Line 70: Consider revising to "steady wind loads."
Equation 2: Is it π/2 multiplied or added?
Figure 2: Please use this figure to clarify the parameters and how they are defined inside the wind farm: Sb, Sx, Sy, ϕm, ϕm1, ϕm2, ϕF. It is not clear how the angles are measured and how the distances are defined. Using Figure 2 to clarify these parameters on the plots would be helpful.
Sb is defined following Equation 1 for semi-taut mooring. Are the mooring lines in this paper catenary? Or are there loading conditions where there is no section of the mooring line lying on the seabed? Is this considered while choosing the anchor type?
Sections 2.1.1 and 2.1.2: Apologies if mistaken, but it is hard to connect these sections to the rest of the paper. If Sx, Sy, and ϕF are assigned fixed values later, are these equations only used to calculate ϕm and Rm? There is no iteration or optimization over these parameters, correct? If so, it would be easier to define the values of each parameter early on in the text and use Figure to help the reader understand what each parameter means on a farm level.
Equation 6: What is C?
Line 150: Why are Sx and Sy chosen to be 8?

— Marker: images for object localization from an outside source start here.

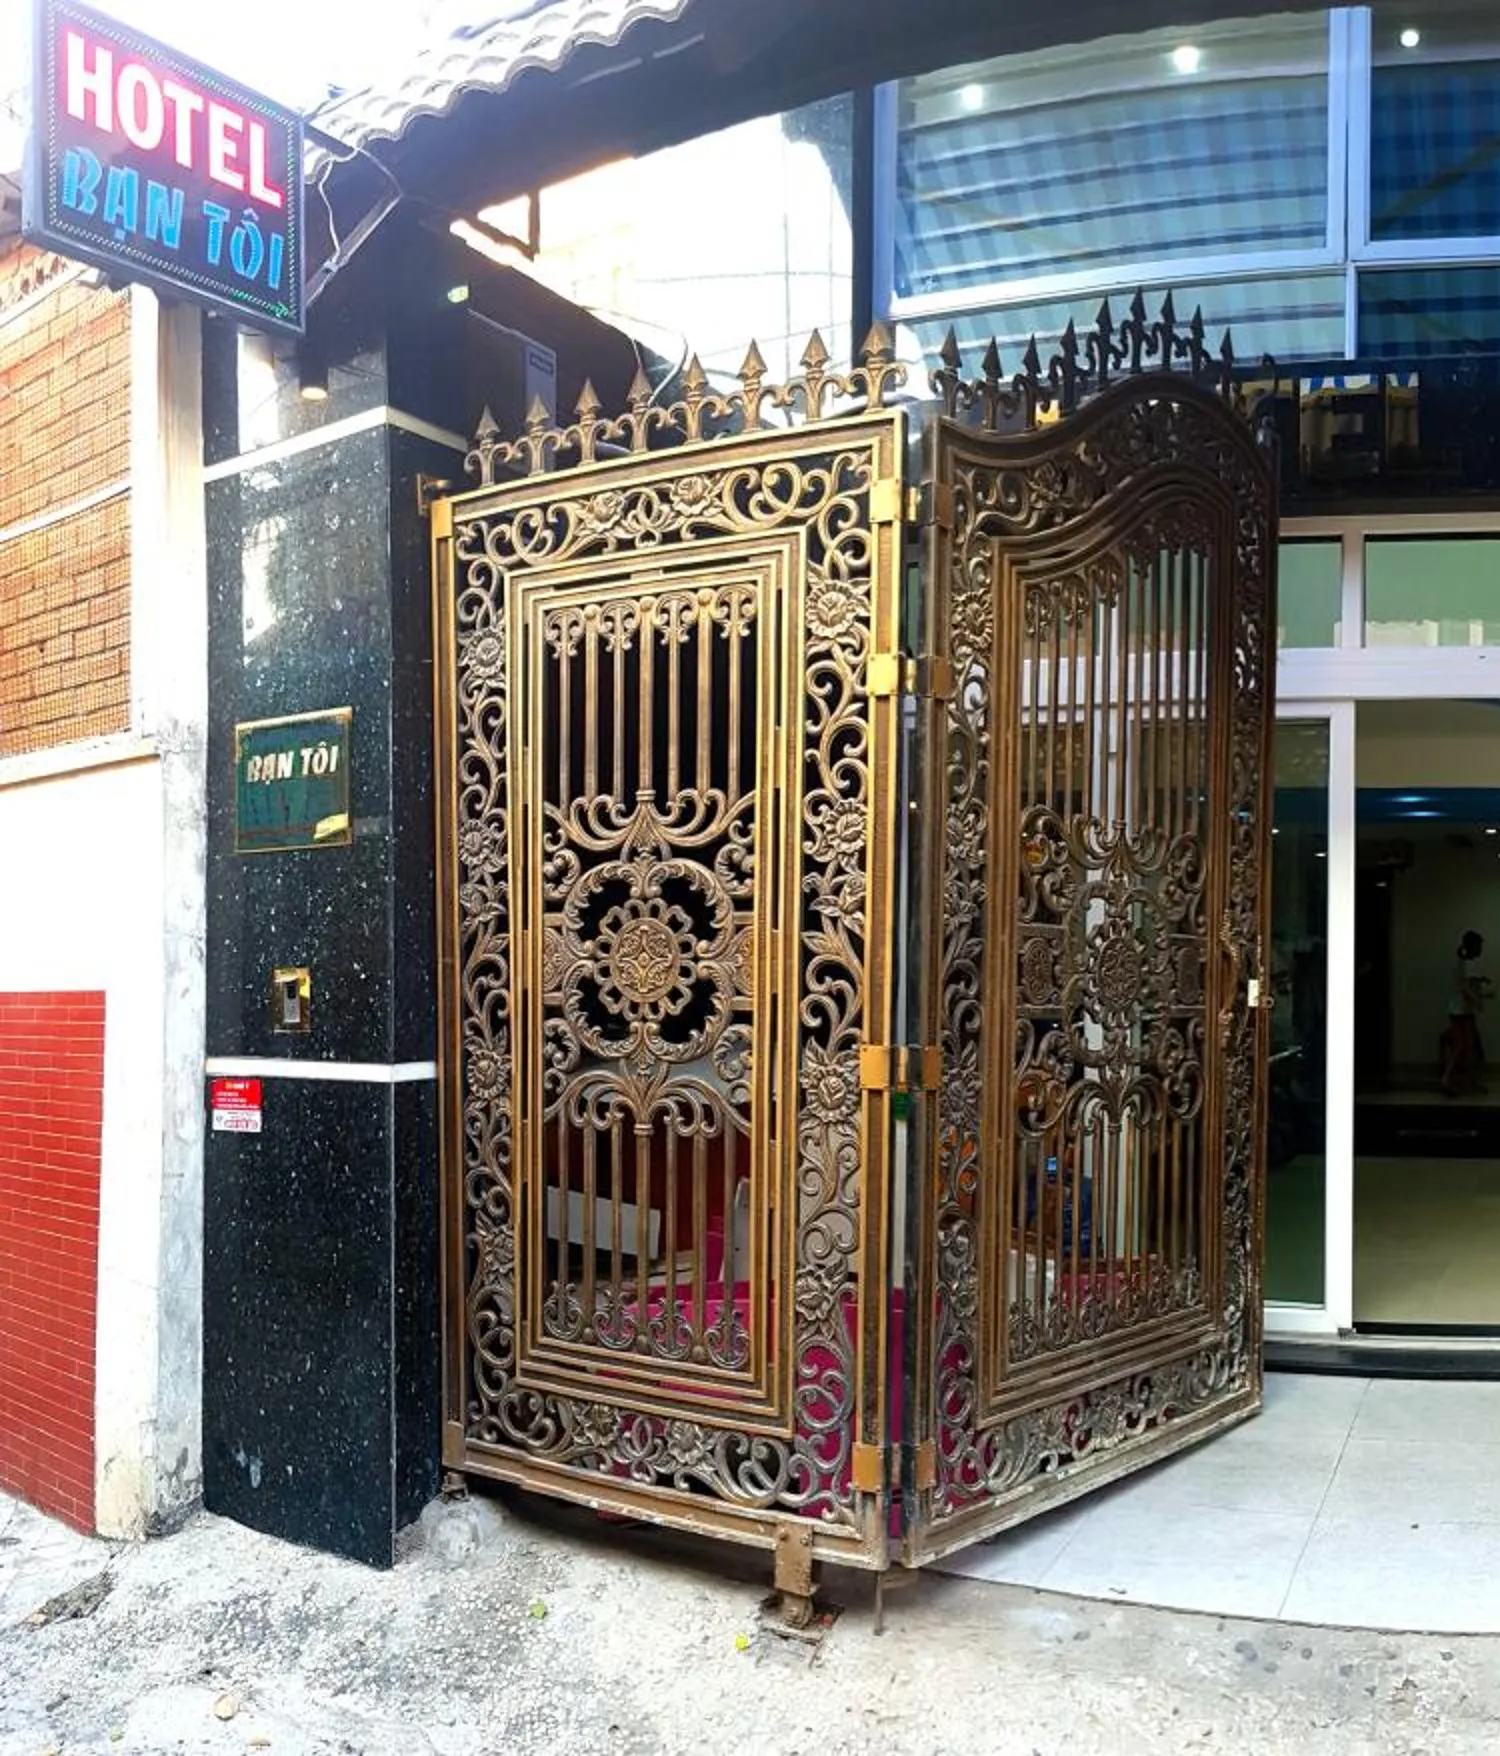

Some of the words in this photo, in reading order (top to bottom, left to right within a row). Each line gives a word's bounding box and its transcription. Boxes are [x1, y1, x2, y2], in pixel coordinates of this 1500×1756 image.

[66, 31, 283, 208] HOTEL
[63, 147, 184, 250] BẠN
[203, 199, 284, 290] TÔI
[247, 751, 294, 785] BẠN
[301, 741, 339, 776] TÔI

Line 163: "β = 0.1160 is selected" I believe this is for the TRTLE design; is this correct? What are the values for the baseline designs? What was the criterion for their selection?
Figure 4: What are the orientations of the mooring systems for these watch circles? Can a subplot be added next to this plot with the mooring lines to show their orientation?
Line 167: Can you please clarify which line is the bow line using any of the figures?
Line 171: What is the value of tension compared to the MBL of the mooring lines?
From Figure 5: It appears the stiffness of the TRTLE design is higher than the baseline designs in some wind directions. Showing the stiffness of the mooring systems at different wind directions would be interesting.
Figure 6: Please update the x-axis of Figure a.
Figures 7 and 8: I suggest showing these figures side by side.
Figures 10 and 11: Please move the color bar to the side and not with subplot one.
Line 228: Is the amplification factor also multiplied by the mooring lines? I believe the mooring line cost is a function of the mass of the chains. It is not affected by the increase or decrease in tension. The increase in tension can affect the anchor, but this depends on the anchor type.
Section 4.5: What are the types of anchors assumed for each mooring system design?
Line 233: At which wind direction is the AEP gain highest? Are there any wind directions where relocation increases wake losses? Showing AEP gain distribution over wind direction would be insightful.
Line 233: The AEP gain percentage may be low because the wind rose distribution of the site favors higher wind speeds, where there are no wake losses. Discussing this would highlight the method's higher potential for different sites and dependency on the wind rose.
Table 4: Why did the single-line anchor cost change between the baseline and the TRTLE?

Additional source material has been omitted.